Several stories shift focus to the villages of Assam and Bengal, capturing the raw struggle of survival:

The Poor Peasant and Compensation is heartbreaking in its simplicity, following Netra Gohain, an old farmer who, after losing his bullocks, tries to plough the fields himself — a futile struggle that ends in tragedy. The irony of government compensation arriving too late underscores the systemic apathy rural poor face.

Flood vividly documents devastation in Moria village on the banks of the Brahmaputra. Here, floodwaters not only destroy homes but also erode dignity, as survivors face police brutality when they demand rehabilitation.

Hunger personalizes drought through a woman’s stubborn fight to keep her children alive — a battle that ends in surrender to starvation.These narratives highlight how disaster, whether natural or man-made, is compounded by government indifference, leaving the marginalized to endure endless cycles of suffering.

Social Commentary and Cultural Nuance

Not all the stories are tragedies of poverty and terrorism. Shome’s “Unity in Diversity” is a refreshing exploration of harmony: Rama Pillai’s family celebrates both Hindu and Christian traditions under one roof, symbolizing an ideal of coexistence. In contrast, “The Little Widow” returns to social critique, portraying young Shanti, crushed under the archaic and exploitative customs of widowhood.

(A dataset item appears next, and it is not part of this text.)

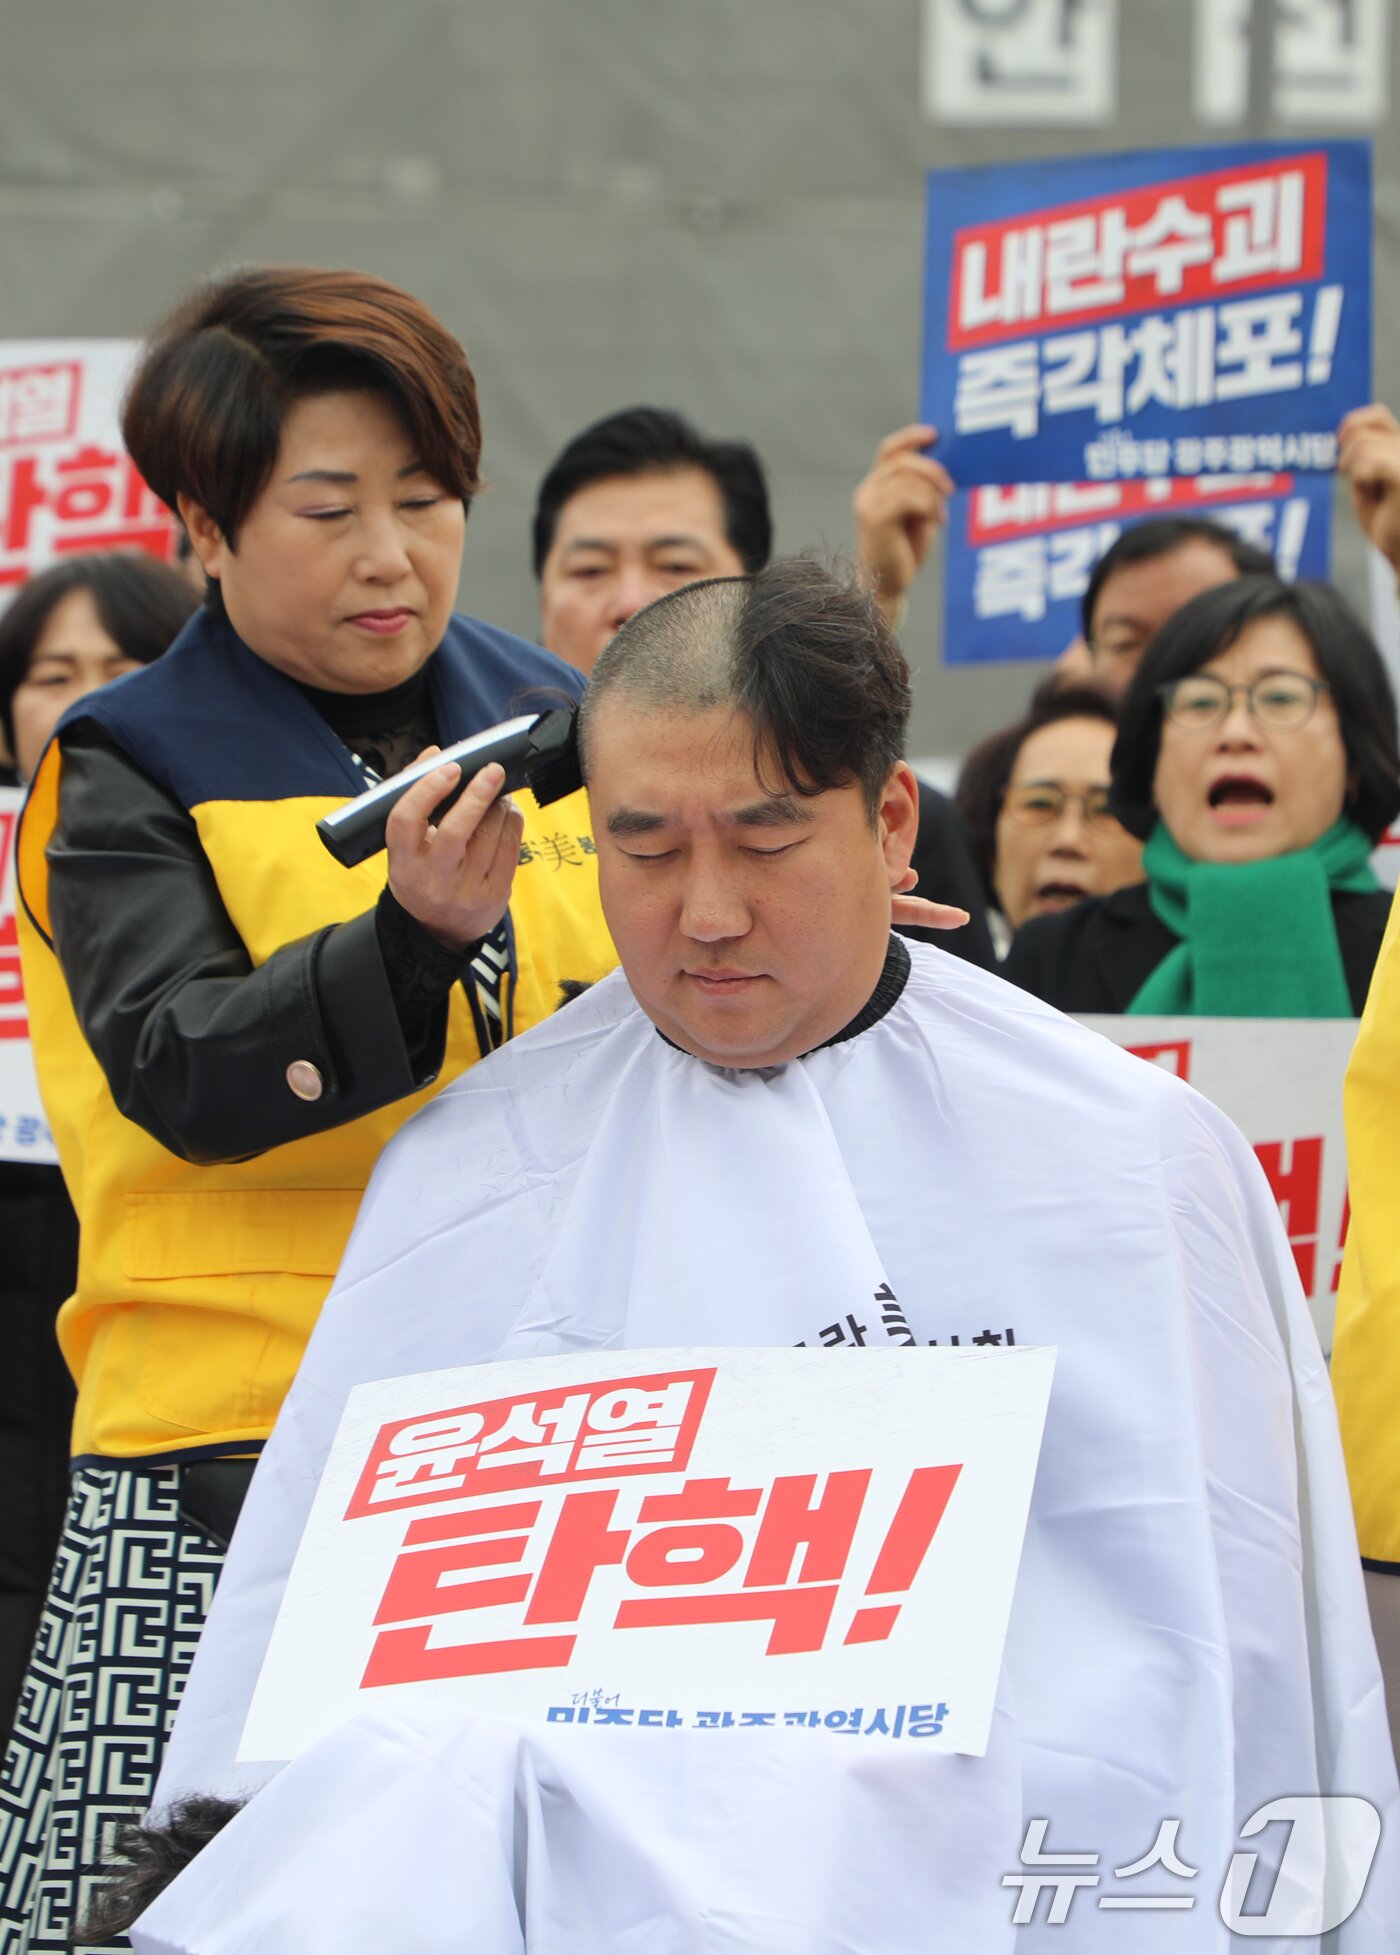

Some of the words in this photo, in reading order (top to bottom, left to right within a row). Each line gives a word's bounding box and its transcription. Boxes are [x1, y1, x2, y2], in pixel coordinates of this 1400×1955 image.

The cluster of stories about surrogate women (Rekha, Hema, Ranjita, Urmila, Renuka) expose another layer of exploitation — women’s bodies turned into commodities for wealthier couples. These stories touch on themes of desperation, morality, and the unseen costs of modern reproductive practices.

Themes and Impact

Across the collection, several recurring themes stand out:

Injustice and systemic neglect — from peasants denied timely support to flood victims silenced by force.

Women’s suffering under patriarchy — widows, surrogate mothers, deceived wives.

The seduction of extremism — ordinary men turned into symbols of destruction.

Hope in coexistence — glimpses of unity amidst chaos.

The emotional range is wide: anger, grief, pity, and occasionally hope. But overall, the book leaves the reader unsettled, forcing them to confront uncomfortable truths about society.